An intriguing question is raised by the postponement of General Conference: will the United Methodist Church stay united? Prior to this crisis, we were preparing for our denomination to split in two or three, forming conservative, liberal, and moderate branches. Citing “irreconcilable differences,” many claimed that the break was inevitable.
At a meeting this past year, we were given various options and scenarios. At that meeting, I mentioned that we were leaving one thing out: that God might have something in mind no one had thought of yet. Guess what!
(This was not a prophecy; please don’t blame me for the coronavirus!)

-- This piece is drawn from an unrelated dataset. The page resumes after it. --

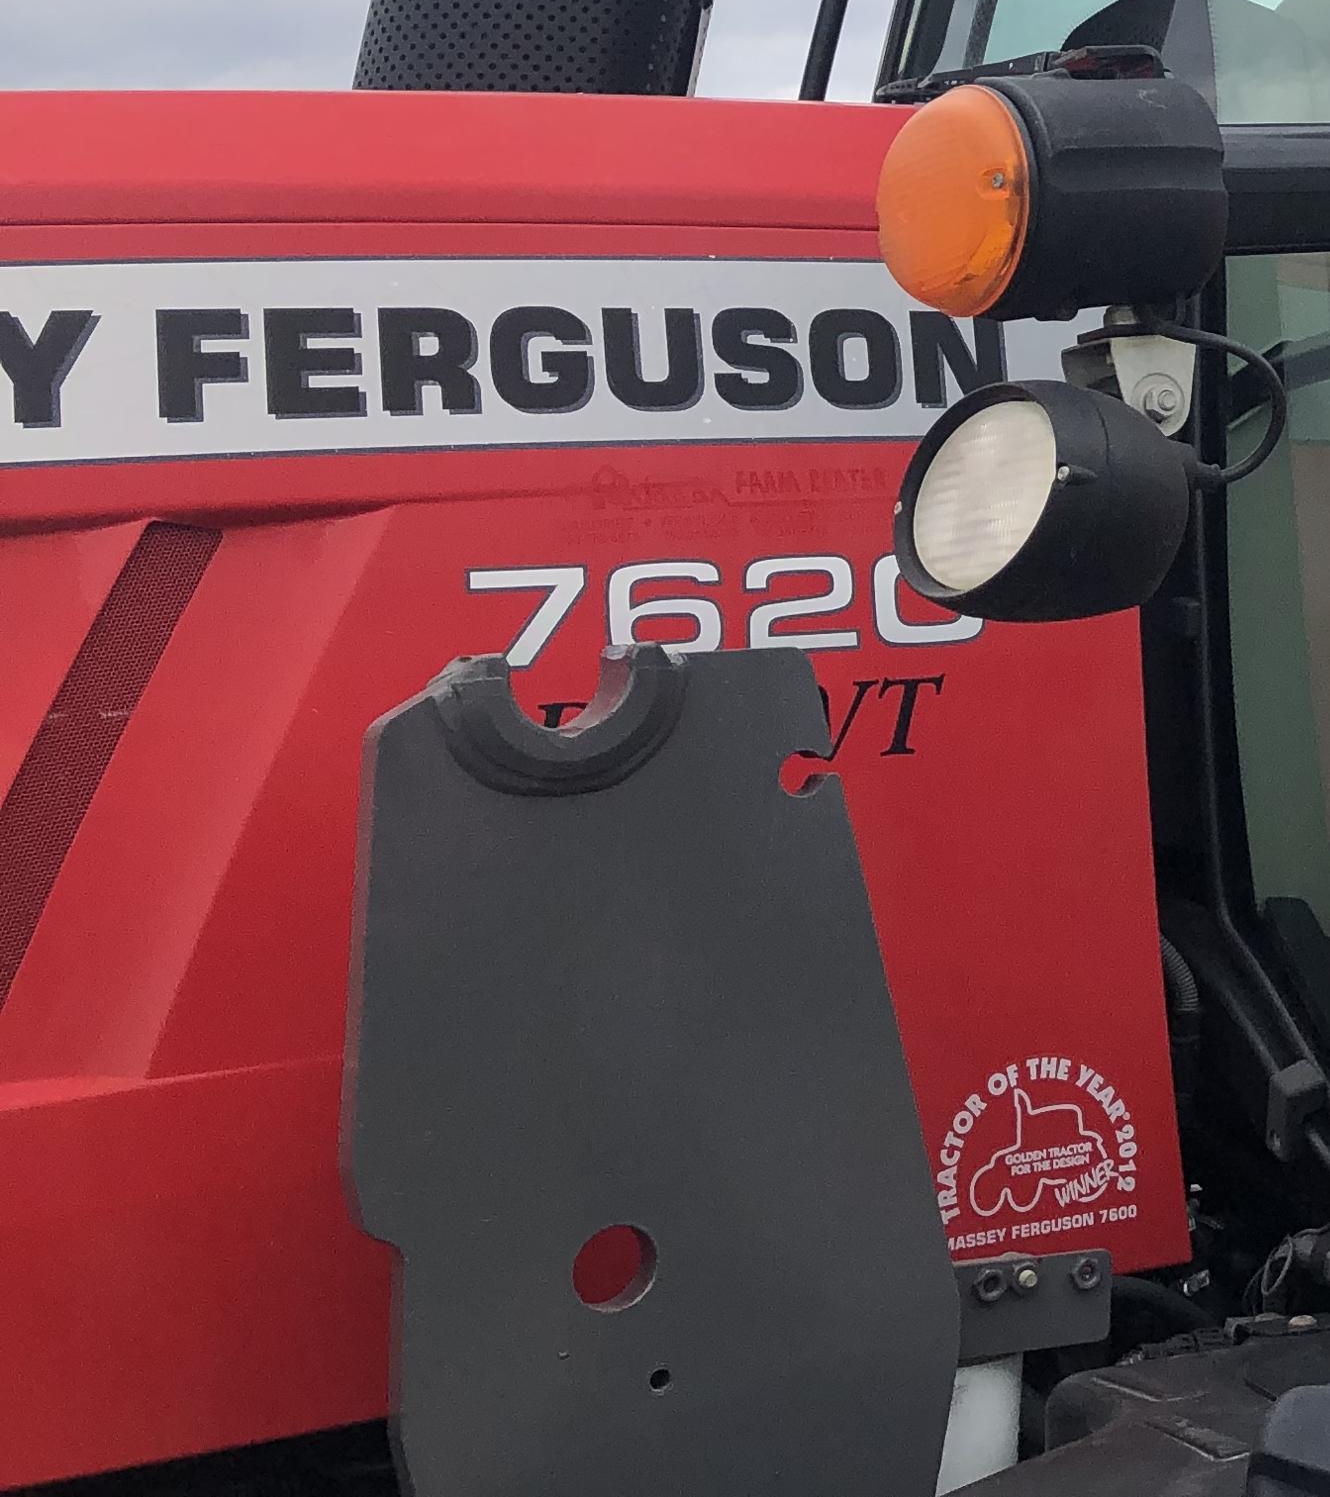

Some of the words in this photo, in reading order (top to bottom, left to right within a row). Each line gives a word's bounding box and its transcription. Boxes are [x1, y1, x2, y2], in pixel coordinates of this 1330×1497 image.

This afternoon I was speaking with a colleague about the possibility that this crisis might unite us; that the twin threats of the pandemic and an economic collapse might make us all look at each other and say,
“those things we were fighting about back in February look really small now, don’t they?”
A handful of us cooked and distributed take-out meals at Sharing a Meal today; we had about 40 customers. This is the church at its simplest and best: “I was hungry and you fed me, thirsty and you gave me a drink.” Our Thrift Shop continues the theme: “I was naked and you clothed me.” (No one shops there naked, but you know what I mean!) There is nothing as pure as helping to fill basic needs. We never ask, “Are you a liberal?” before selling a 50-cent tie, or “Are you a conservative?” before passing someone a meal.
Guess what Congress did today! They passed something bipartisan!
Bet you didn’t see that coming a couple months ago.
We just don’t know what God has in mind. We don’t know what will happen day to day. We never did, but now we really don’t know it. Our minds are filled with the worst “what ifs” ~ “What if I lose my job? What if we have another depression? What if millions die?” These are not healthy what ifs. Since we don’t know what the future holds, it’s equally fair to ask, “What if churches around the world all decide that they want to put aside doctrine and work together for the good of humanity? What if the United Methodist Church stays together?
What if Christianity sees a new revival?
Robert Schuller calls this “peace of mind through possibility thinking.” Many know Shuller from California’s Crystal Cathedral; he was also a spiritual descendent of Norman Vincent Peale, who wrote The Power of Positive Thinking. Their ideas expand on those of Paul, who writes, “Whatever is true, whatever is noble, whatever is right,
whatever is pure, whatever is lovely, whatever is admirable—if anything is excellent or praiseworthy—
think about such things … and the God of peace will be with you” (Philippians 4:8-9, NIV abbreviated).
The bottom line is, we don’t know what the next day will bring. We do know that God is good.
So why not stay positive, and claim God’s promise of peace?